Second Reading Speechby the Treasurer, the Honourable Frank Crean, M.P.
This Bill will give effect to taxation proposals announced in the Budget Speech and one or two other such proposals.
The rebate of tax for low income earners entitled to concessional deductions for dependants is one feature of the Bill. It is proposed that where, because of the lower rates of tax payable by these people, their tax saving from deductions for dependants is less than 40 per cent of the amount of the deductions, a rebate will be allowed to bring the saving up to 40 per cent, or to the tax otherwise payable if that is less. By way of illustration a man supporting a wife and two children is entitled to maintenance deductions of $832. If his taxable income were $5,000 his tax saving from these deductions would ordinarily be $266.24. The rebate will increase the saving by $66.56 to $332.80. His tax for 1974-75 will be $613.44, i.e., $303.86 less than the 1973-74 tax of $917.30.
The Bill also proposes amendments to the depreciation provisions to make it clear that expenditure on facilities used in child care centres provided by employers for children of their employees are to qualify for depreciation deductions on the same basis as facilities provided for employees.
The concessional deductions available for the maintenance of dependants are to be widened by the Bill so that, for 1974-75 and subsequent years, deductions will be available for the maintenance of dependants who are not residents of Australia.
A major purpose of this Bill is to give legislative effect to the Government's undertaking to introduce a scheme of income tax deductions for interest paid on home loans. The scheme will provide worthwhile relief from interest charges for low and medium income borrowers.

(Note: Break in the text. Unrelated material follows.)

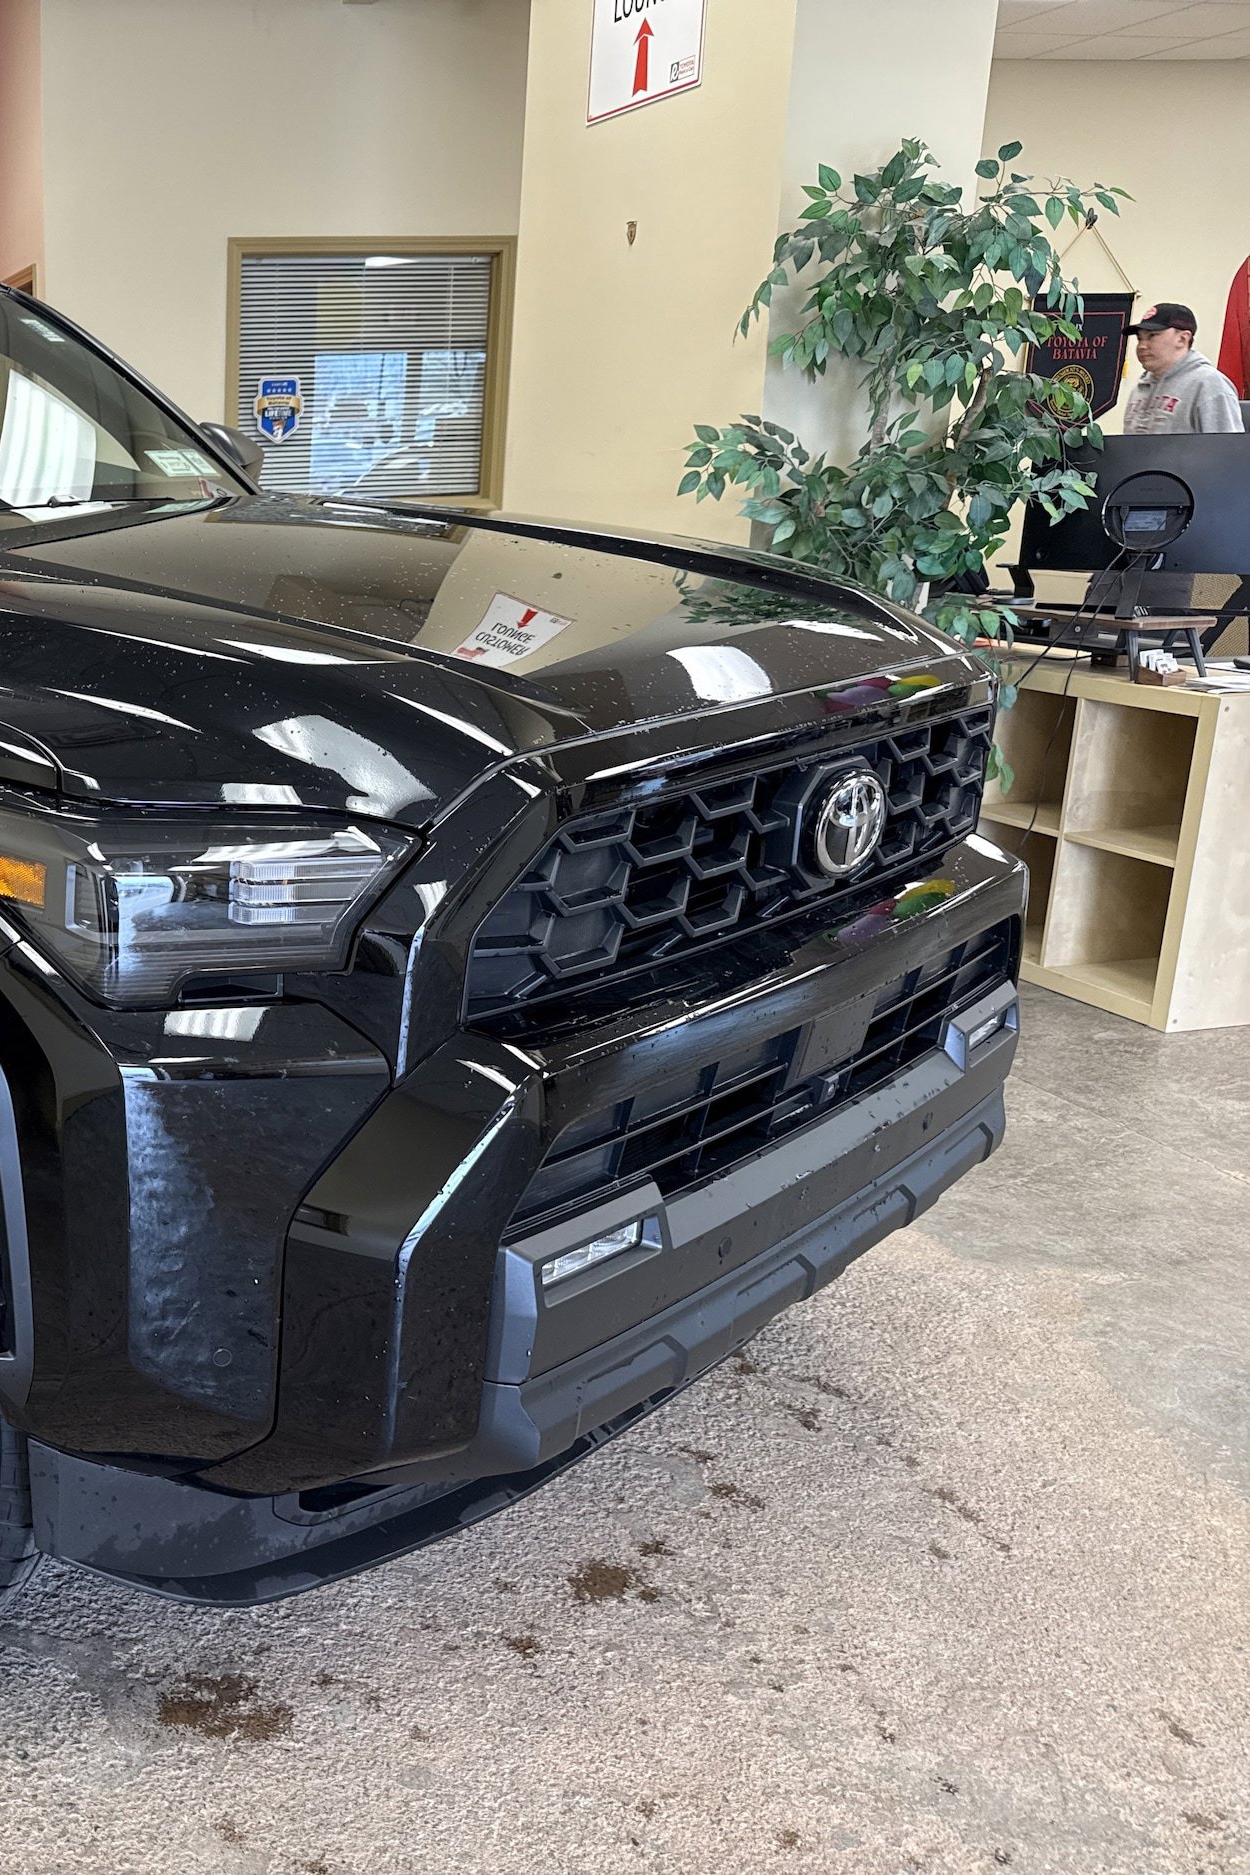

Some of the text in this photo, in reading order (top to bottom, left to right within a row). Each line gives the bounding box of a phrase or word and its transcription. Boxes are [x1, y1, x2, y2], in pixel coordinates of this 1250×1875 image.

[1047, 335, 1109, 348] TOYOTA OF
[1052, 348, 1098, 360] BATAVIA

The new scheme will apply to housing loan interest due and payable on and after 1 July 1974. Its basic features have already been outlined on a number of occasions and are explained in detail in the memorandum I am circulating on these and other provisions of the Bill.
The Bill also gives effect to an announcement I made last March that the Income Tax Law would be amended to exempt from tax interest derived by a credit union from loans to its members. Credit unions will continue to be taxed on income other than interest on loans to members, e.g., from rents and "outside" investment of funds not immediately required for their normal lending operations.
A further amendment in the concessional deduction area to be made by the Bill will reduce the maximum deductions for education and self-education expenses from $400 to $150. I do not have to stress the substantially increased direct expenditures that the Government is making on education.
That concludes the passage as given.